- _Your objective_:
All entries below need to be written out exactly, but without their pictures.

[Information given Boundary: Start]

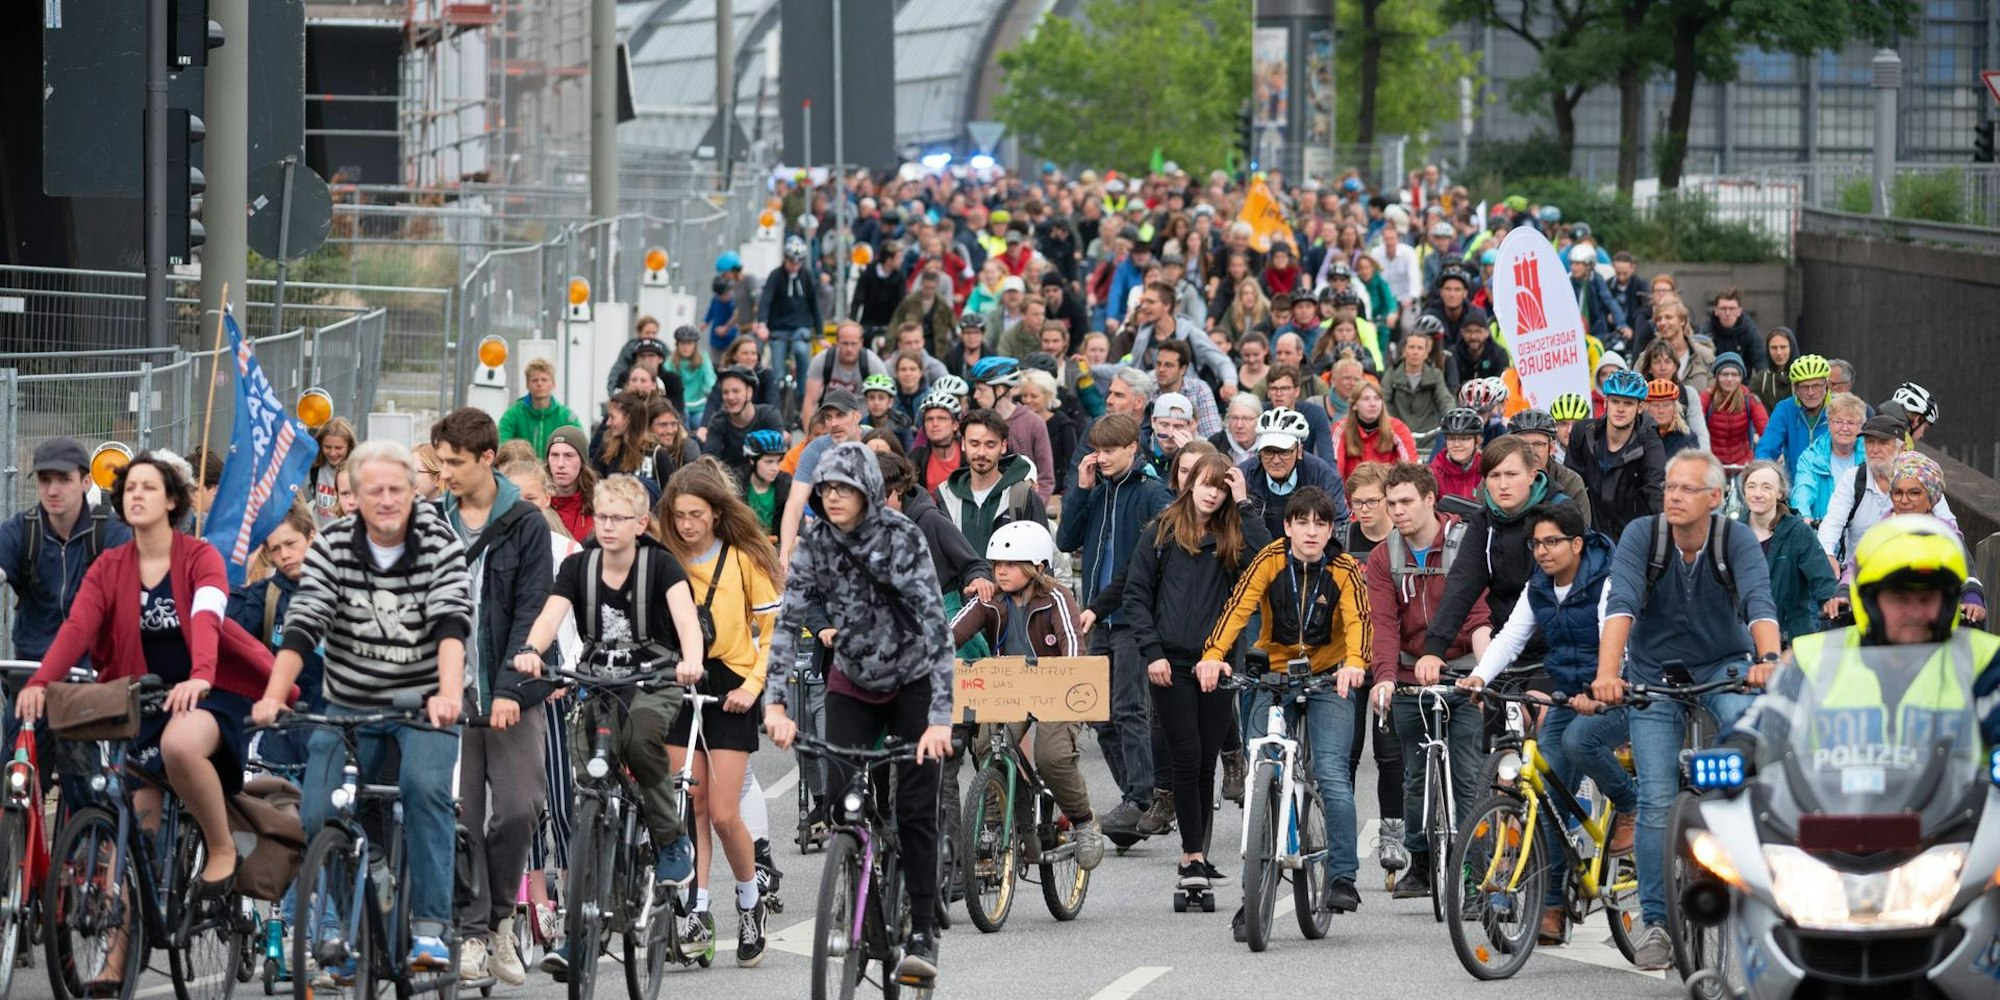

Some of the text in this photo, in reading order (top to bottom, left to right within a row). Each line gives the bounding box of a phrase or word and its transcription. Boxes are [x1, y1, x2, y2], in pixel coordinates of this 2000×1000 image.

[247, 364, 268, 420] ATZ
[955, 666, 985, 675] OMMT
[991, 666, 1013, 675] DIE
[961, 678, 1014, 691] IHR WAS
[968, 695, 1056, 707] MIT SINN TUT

[Information given Boundary: End]

- _Solution_:
Some of the text in this photo, in reading order (top to bottom, left to right within a row). Each line gives the bounding box of a phrase or word and its transcription. Boxes are [x1, y1, x2, y2], in pixel coordinates of this 2000×1000 image.

[247, 364, 268, 420] ATZ
[955, 666, 985, 675] OMMT
[991, 666, 1013, 675] DIE
[961, 678, 1014, 691] IHR WAS
[968, 695, 1056, 707] MIT SINN TUT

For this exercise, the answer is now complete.